Mi piacerebbe che conoscesse saluti che sono arrivederci

E mai addii


Quegli occhi che mi parlano

Mi dicono che sarebbe bello se non esistessero i pensieri quadrati

E che le promesse si mantengono perché le mancanze si pagano


Mi dicono che sarebbe bello che la pazienza non avesse limiti

E che mille altre occasioni per lui fossero possibili

Perché mi ricordano che neanche la legge divina è uguale

per tutti


Si muove leggero, lui

come di chi deve sempre stare attento a non far rumore

E tiene le cose in mano stringendole così forte

che gli puoi vedere le nocche bianche

Quel ragazzino mi piace perché mi fa alzare la testa

e inclinarla di lato

25 marzo 2009

TUTTA MIA LA CITTA'

Non bisogna essere catastrofisti, pessimisti, allarmisti...

Il rassicurante “Piano Casa” preparato dal Governo e che in settimana verrà discusso (e, sicuramente, approvato!) ci restituirà uno stravolgimento architettonico delle nostre città e, in generale, un attentato alla salvaguardia ambientale.

(Ma perché? Arriveranno le centrali nucleari?)

Forse sarà abolita la parola salvaguardia.

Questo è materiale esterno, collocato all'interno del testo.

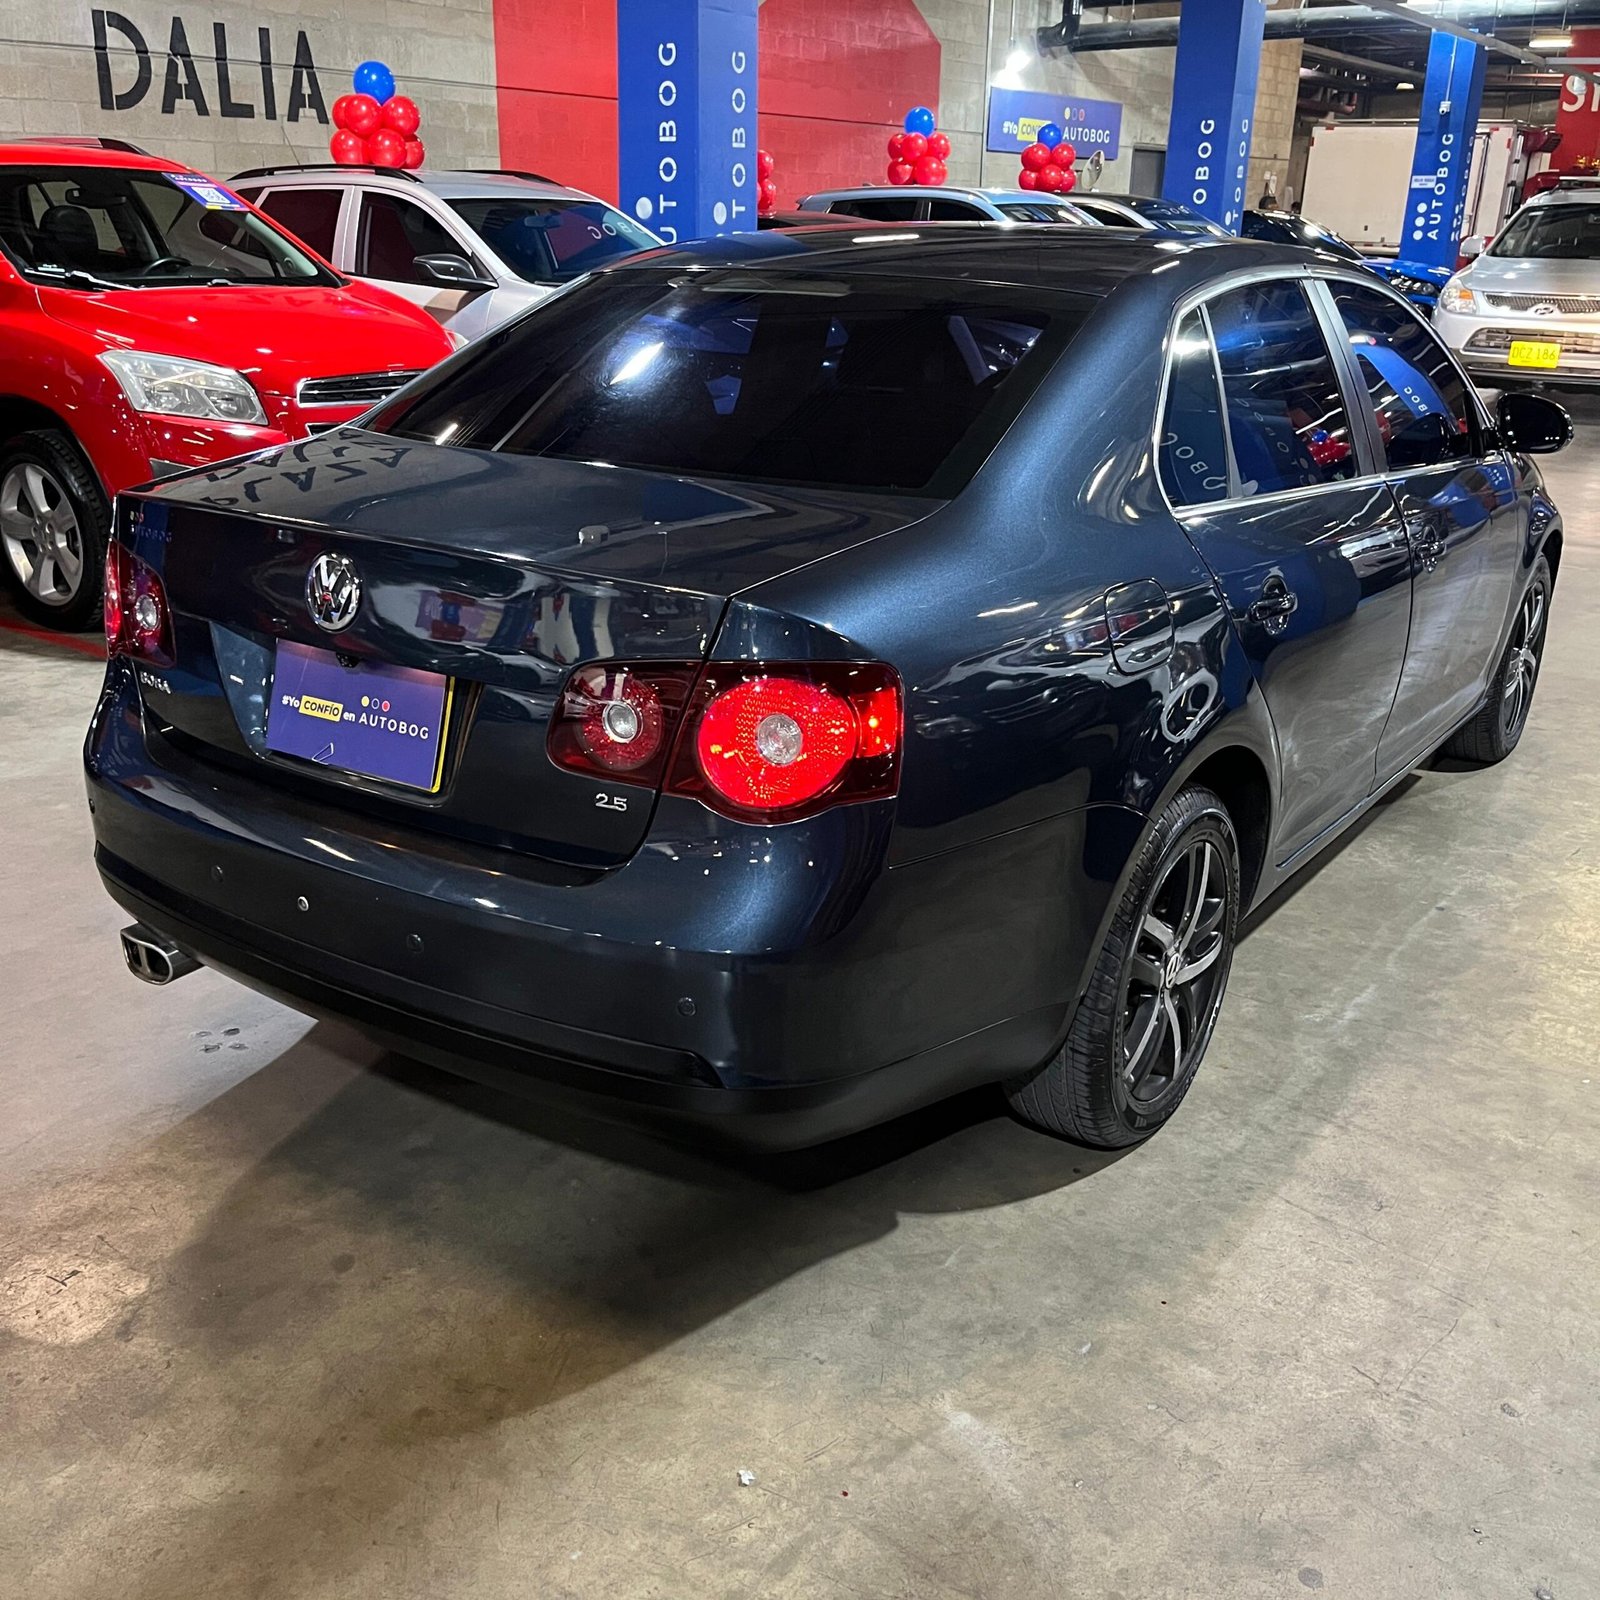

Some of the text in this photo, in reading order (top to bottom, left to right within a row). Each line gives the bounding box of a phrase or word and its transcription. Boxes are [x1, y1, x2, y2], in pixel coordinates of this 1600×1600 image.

Le campagne diventeranno pian piano aeree edificabili, si finirà per avere le case ovunque e gli speculatori edilizi ingrasseranno del cibo generosamente offerto dal lungimirante Premier. Pensa al consenso che raccoglierà da tutti quei cittadini cui basterà un’ autocertificazione o un geometra consenziente per aumentare le volumetrie! Chi resisterà alla ghiotta occasione? Quanto consenso dagli imprenditori edili, dagli speculatori edilizi, dagli abusivisti in massa! Accontenterà anche qualcuno di sinistra questo ballo del mattone? E’ così che gira e prende quota l’economia!

Sarà il tempo degli ingordi.

E noi, i dissenzienti, che poco possiamo, come dobbiamo mostrarci se non allarmisti?

Mi viene in mente un bel modo di dire dei Tuareg per indicare lo stato di sottomissione:

“Siamo sandali che obbediscono ai piedi di chi li calza”

21 marzo 2009

interrogativi

Come si esce dagli ingarbugliati equivoci?

Dove vanno a finire le domande inevase? Gli interrogativi che non trovano risposta, ma non perché noi non siamo stati in grado di trovarla, ma perché da chi l’aspettavamo non è mai arrivata… Quante volte si “passa oltre”? Quanto volte l’amore per il quieto vivere fa cambiare discorso, con la necessità con cui si volta la pagina di un libro?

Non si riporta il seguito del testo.